Simple Summary

Money streaming represents the idea of continuous payments over a finite period of time. Block numbers are used as a proxy of time to continuously update balances.


The following describes a standard whereby time is measured using block numbers and streams are mappings in a master contract.

  1. A provider sets up a money streaming contract.
  2. A prospective payer can interact with the contract and start the stream right away by depositing the funds required for the chosen period.
  3. The payee is able to withdraw money from the contract based on its ongoing solvency. That is: payment rate * (current block height - starting block height)
  4. The stream terms (payment rate, length, metadata) can be updated at any time if both parties pledge their signatures.
  5. The stream can be stopped at any point in time by any party without on-chain consensus.
  6. If the stream period ended and it was not previously stopped by any party, the payee is entitled to withdraw all the deposited funds.

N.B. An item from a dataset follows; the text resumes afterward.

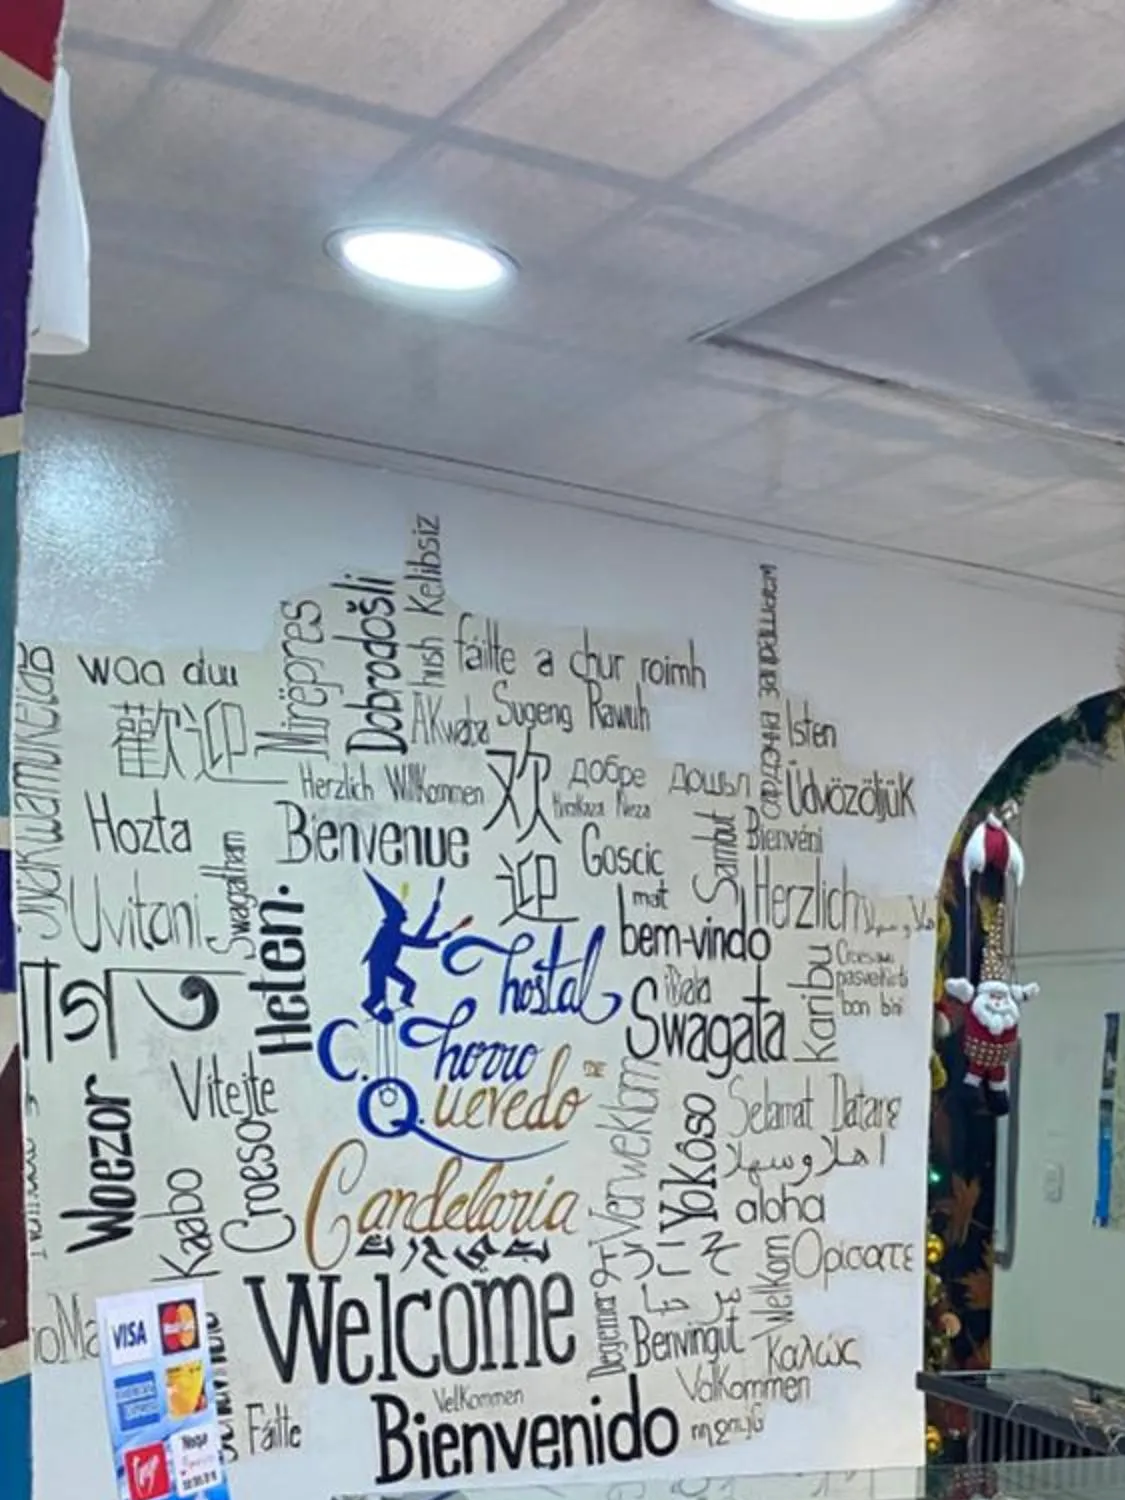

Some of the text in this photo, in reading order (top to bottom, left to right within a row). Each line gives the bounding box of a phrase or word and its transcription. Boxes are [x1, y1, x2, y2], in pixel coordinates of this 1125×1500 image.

This standardised interface aims to change the way we think about long-term financial commitments. Thanks to blockchains, payments need not be sent in chunks (e.g. monthly salaries), as there is much less overhead in paying-as-you-go. Money as a function of time would better align incentives in a host of scenarios.

Use Cases

This is just a preliminary list of use cases. There are other spooky ideas interesting to explore, such as time-dependent disincetivisation, but, for brevity, we have not included them here.

  • Salaries
  • Subscriptions
  • Consultancies
  • CDPs
  • Rent
  • Parking


RICOs, or Reversible ICOs, were introduced at Devcon4 by @frozeman. The idea is to endow investors with more power and safety guarantees by allowing them to “reverse” the investment based on the evolution of the project. We previously discussed a similar concept called SICOs, or Streamable ICOs, in this research thread.

Instead of investing a lump sum and giving the money away to the project developers, funds are held in a smart contract which allocates money based on the passage of time. Project developers can withdraw funds as the stream stays active, while investors have the power to get back a significant percentage of their initial commitment if the project halts.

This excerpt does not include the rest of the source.